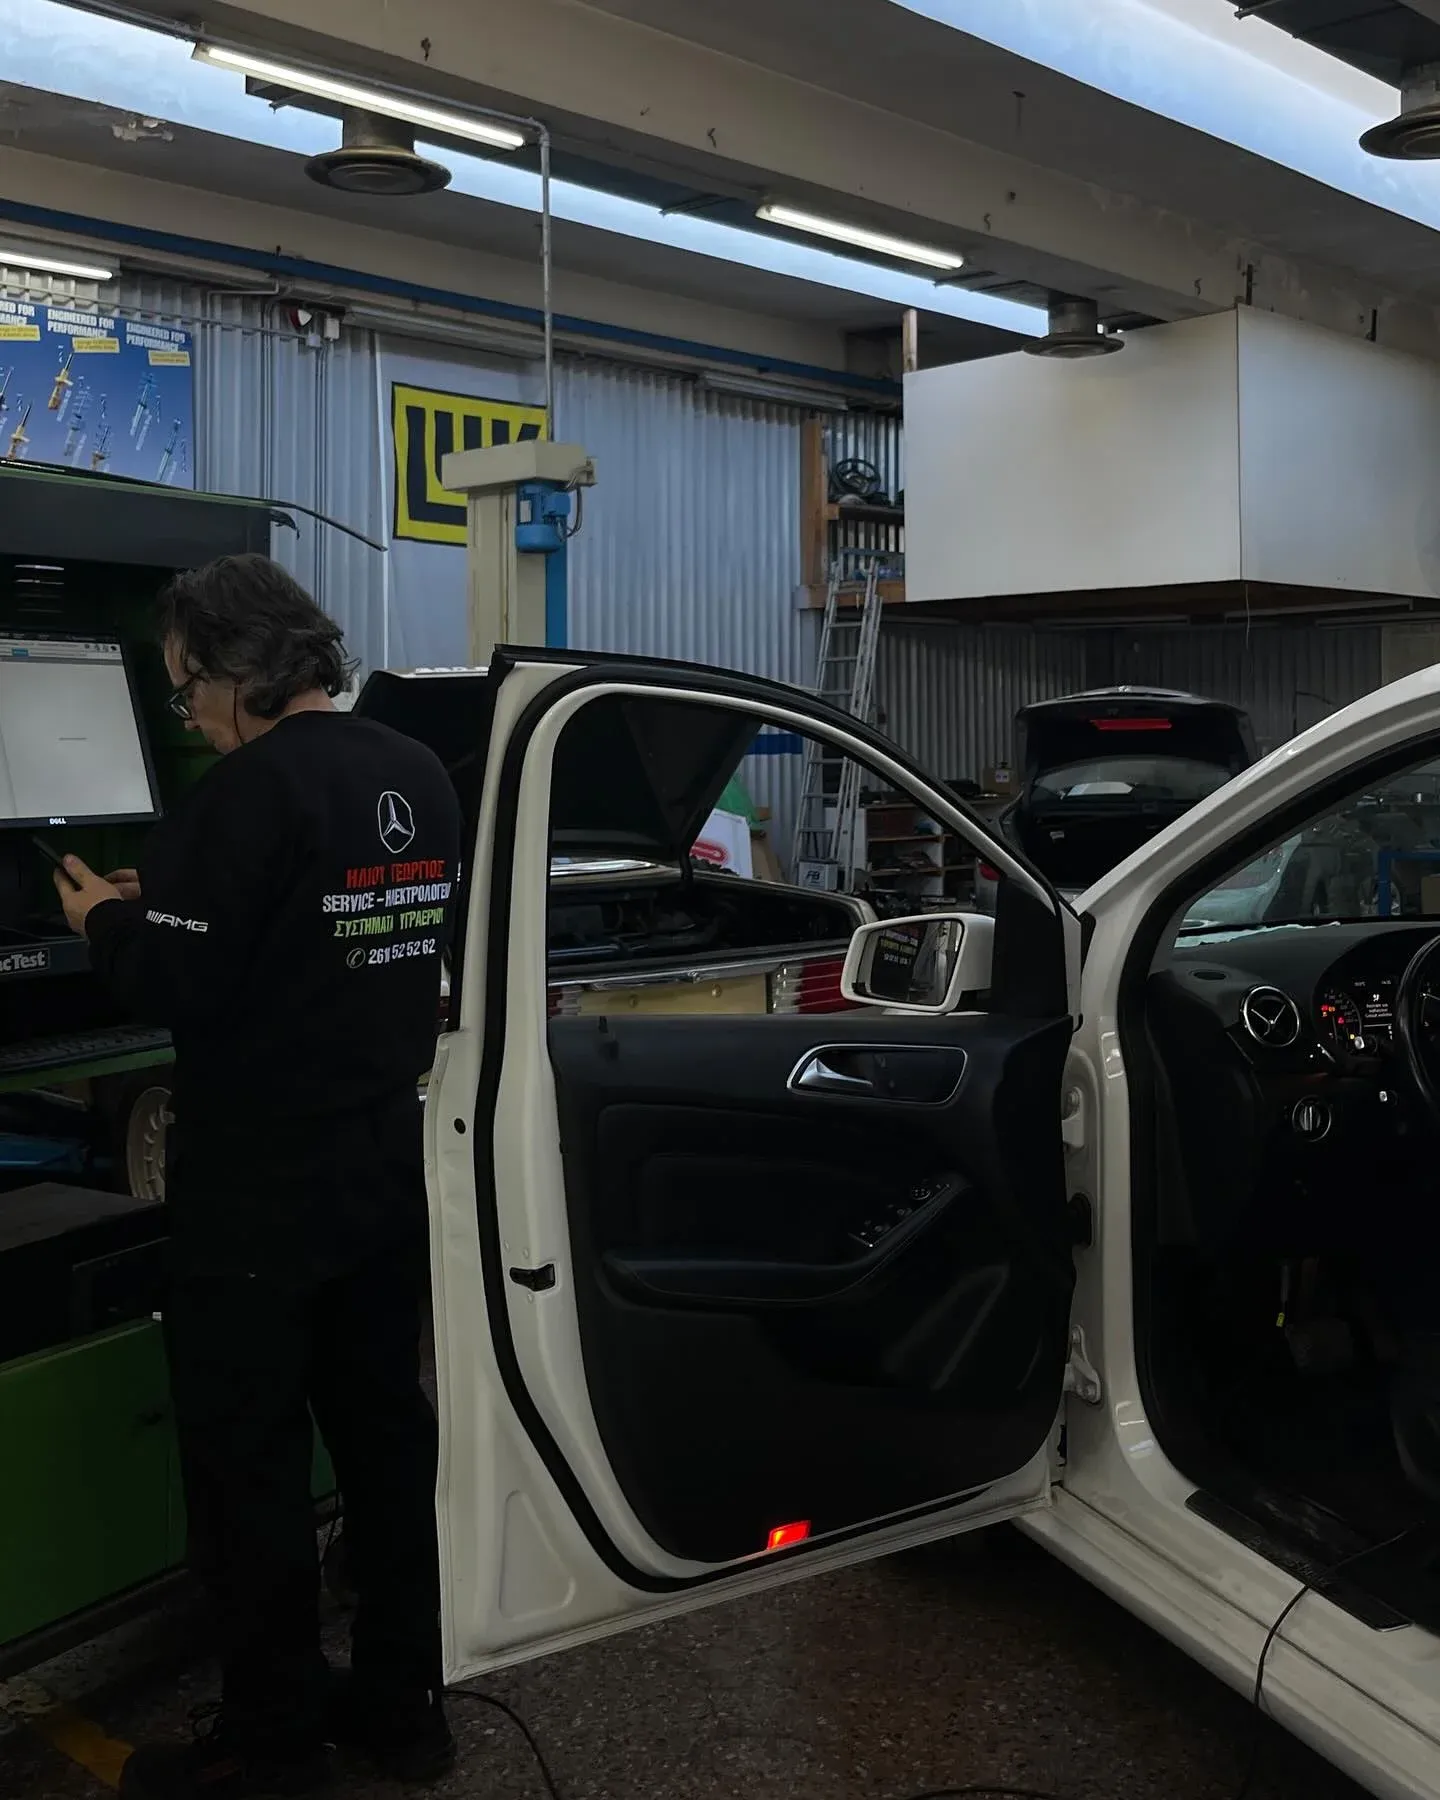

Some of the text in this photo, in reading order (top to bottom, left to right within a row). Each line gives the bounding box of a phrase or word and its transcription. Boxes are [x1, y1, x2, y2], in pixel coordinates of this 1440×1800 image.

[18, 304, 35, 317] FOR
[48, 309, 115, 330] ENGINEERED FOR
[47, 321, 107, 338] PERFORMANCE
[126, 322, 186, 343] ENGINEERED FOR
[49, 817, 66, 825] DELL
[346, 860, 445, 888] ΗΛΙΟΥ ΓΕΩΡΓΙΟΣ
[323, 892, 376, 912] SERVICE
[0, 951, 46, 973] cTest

---

**YOUR INSTRUCTIONS**
Copy the records exactly, leaving out every picture.

**COMPLETED TASK**
Some of the text in this photo, in reading order (top to bottom, left to right within a row). Each line gives the bounding box of a phrase or word and its transcription. Boxes are [x1, y1, x2, y2], in pixel coordinates of this 1440×1800 image.

[18, 304, 35, 317] FOR
[48, 309, 115, 330] ENGINEERED FOR
[47, 321, 107, 338] PERFORMANCE
[126, 322, 186, 343] ENGINEERED FOR
[49, 817, 66, 825] DELL
[346, 860, 445, 888] ΗΛΙΟΥ ΓΕΩΡΓΙΟΣ
[323, 892, 376, 912] SERVICE
[0, 951, 46, 973] cTest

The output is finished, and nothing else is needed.